4)    Grow our Community.  By definition, a “Society” is a community; the OGS is a group of people who share a passion for genealogy.  Members choose to join for any number of reasons but they will stay because they feel part of something and included in our community.  Given the current times, we must ensure that we offer ways for members to feel as though they are part of something greater than the sum of the parts, a true community of like-minded individuals.  We are not a big subscription company, we cannot compete with what they offer.  But they cannot come close to providing what we can – a chance to be part of something important, to preserve the records and stories of our Ontario ancestors. 

5)    Re-align and rally around our Mission.  Board members are the custodians of the mission, and must ensure selection of projects that are aligned with who we are.  This includes advocating when the genealogical community could be affected, preserving materials or relationships that are of value to our membership and providing varied educational opportunities for every skill level of our membership.  This will mean making focused and sometimes hard decisions about the projects we won’t work on, that are not aligned with who we are or where we are going.

Q2. What innovations can the Society undertake to help people researching their Ontario ancestors?

I have many innovative ideas for the Society, some I have pitched before and others that are brand-new.  I am very open to constructive feedback as well as listening to and championing the great ideas of others.
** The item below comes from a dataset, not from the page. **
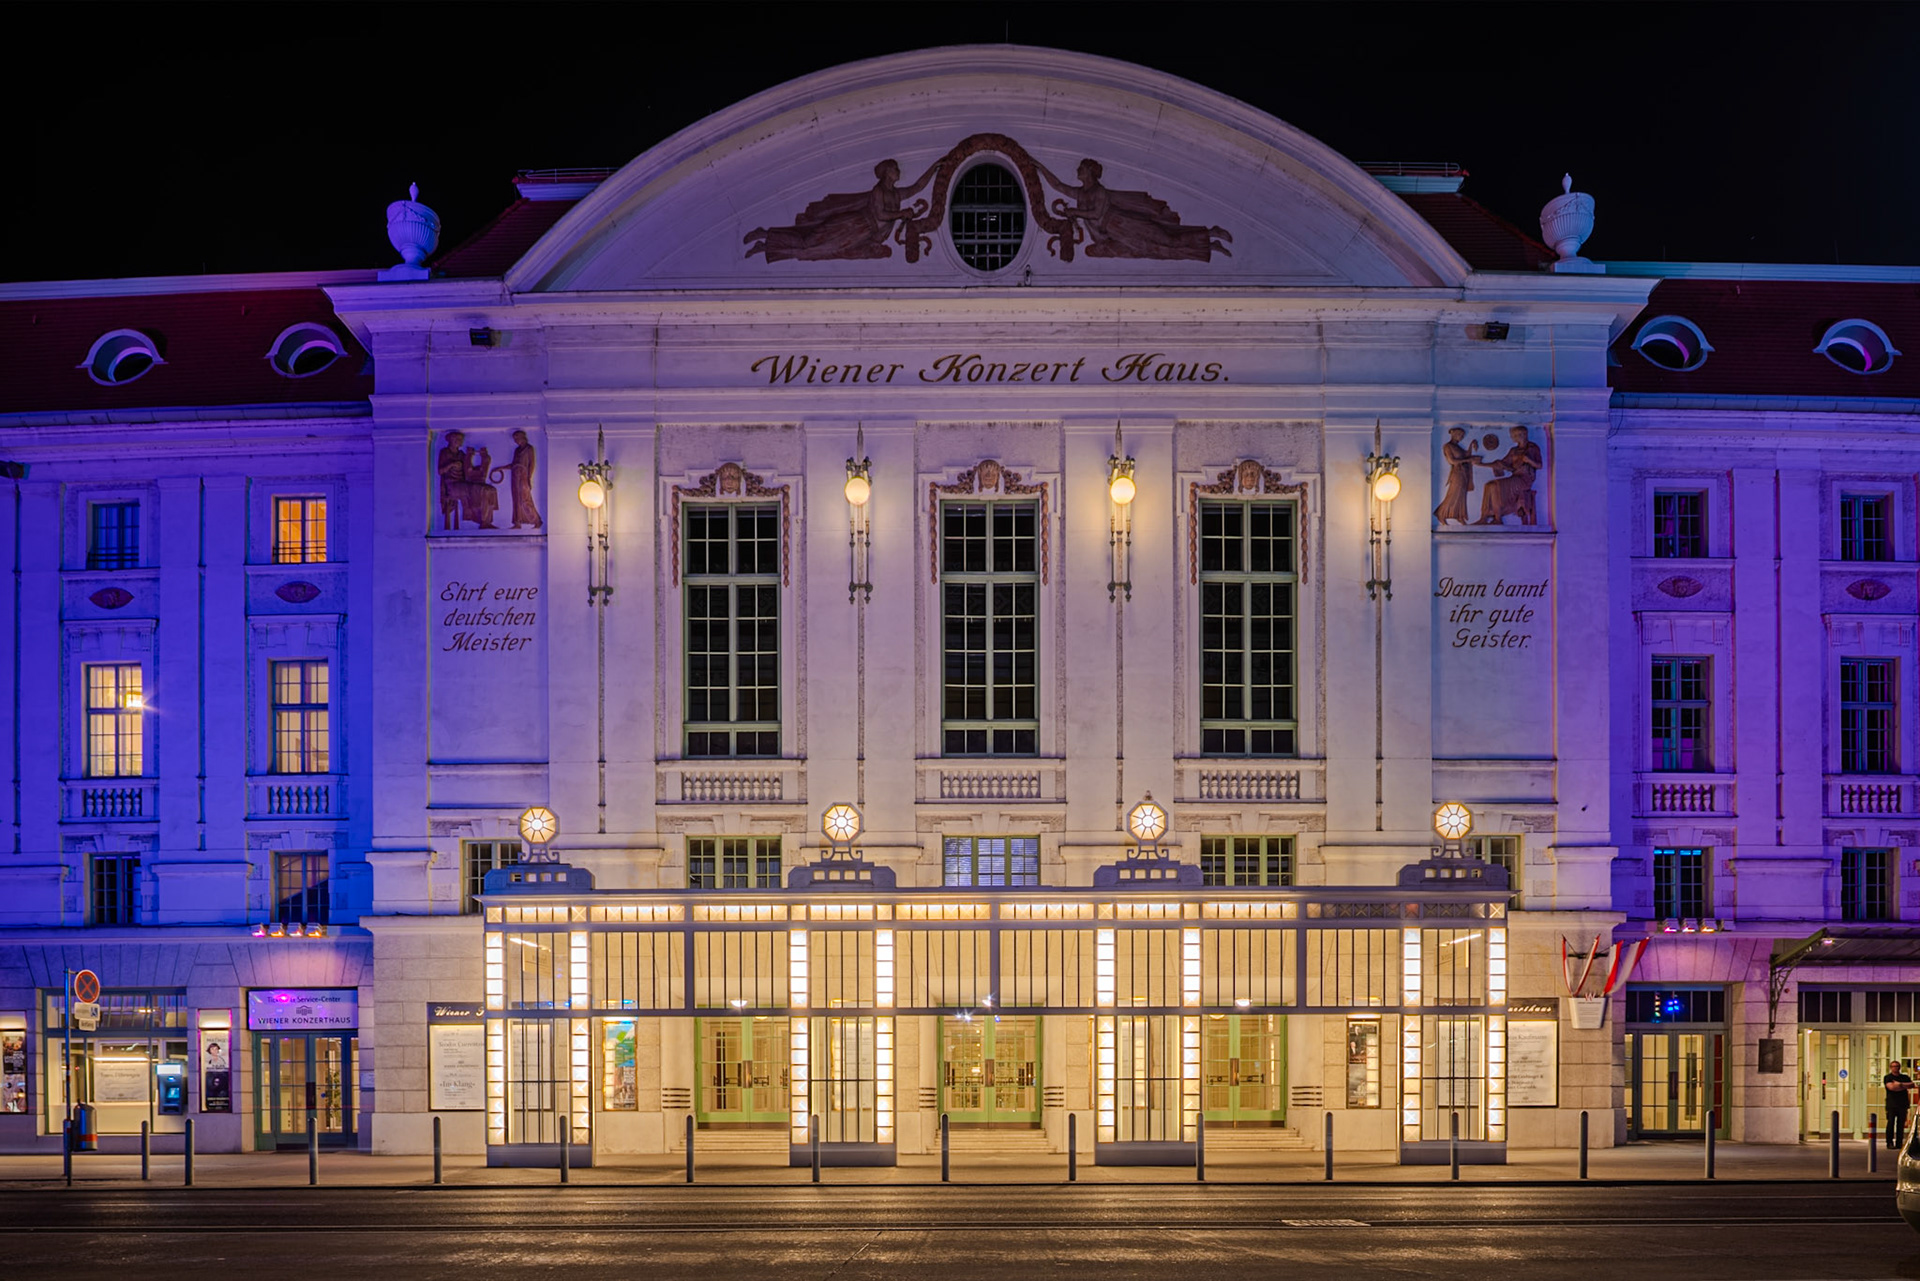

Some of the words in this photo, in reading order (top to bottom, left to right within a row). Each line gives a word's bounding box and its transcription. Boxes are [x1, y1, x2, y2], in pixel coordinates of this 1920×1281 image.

1)    Create a committee to champion diversity, equity and inclusion programs.  They will be in charge of developing policies, creating alliances, planning programs all with the aim of increasing our diversity throughout the organization and enhancing our inclusivity.  I specifically want to reach out to the Ontario Black History Society, the Ontario Federation of Indigenous Friendship Centres and the Ontario Jewish Archives, among others.

2)    Build an online community of members.  I would like to introduce chat rooms, ‘ask an expert’ sessions, peer member exchanges, message boards, mentorship programs and a research buddies section.  Furthermore, as we look to conferences in the future, we must ensure that there is not only a virtual option for participating but also consider other online options to drive more engagement from afar.

3)      Provide new educational opportunities.  This is specific to the closure of the Land Records Offices and the move to all documents being available online at ONLand.  I am working with the Ministry to: a) develop a webinar for our members that will explain how to access the different documents, b) create a tutorial that will be accessible in their help section to walk through the system, and, c) have them place proper formatting as you hover over the inputs online.  These ideas could be expanded for other alliances.

4)     Build an on-boarding guide for new Members.  This could be for any new member (how to navigate our website for example), a new Board Member (strategic plan, key policies and procedures for example) and/or a New Branch Board member (newsletters, copywrite, liaising with the office for example).

5)    Revamping Families.  I believe in the value of Families but think the format is a bit dated.  I would like to see it revamped, with some repeating columns in each issue and some varied types of genealogically focused articles.  I would also like to explore whether the journal can be sold through bookstores and if there is the possibility of selling related advertising to boost up the revenues.

Final Thoughts

Thank you for this opportunity to share my vision.  I hope you will consider all that I have to offer when you are choosing your next President.  I look forward to working with you on this important journey to preserve our past, while building the Society’s future.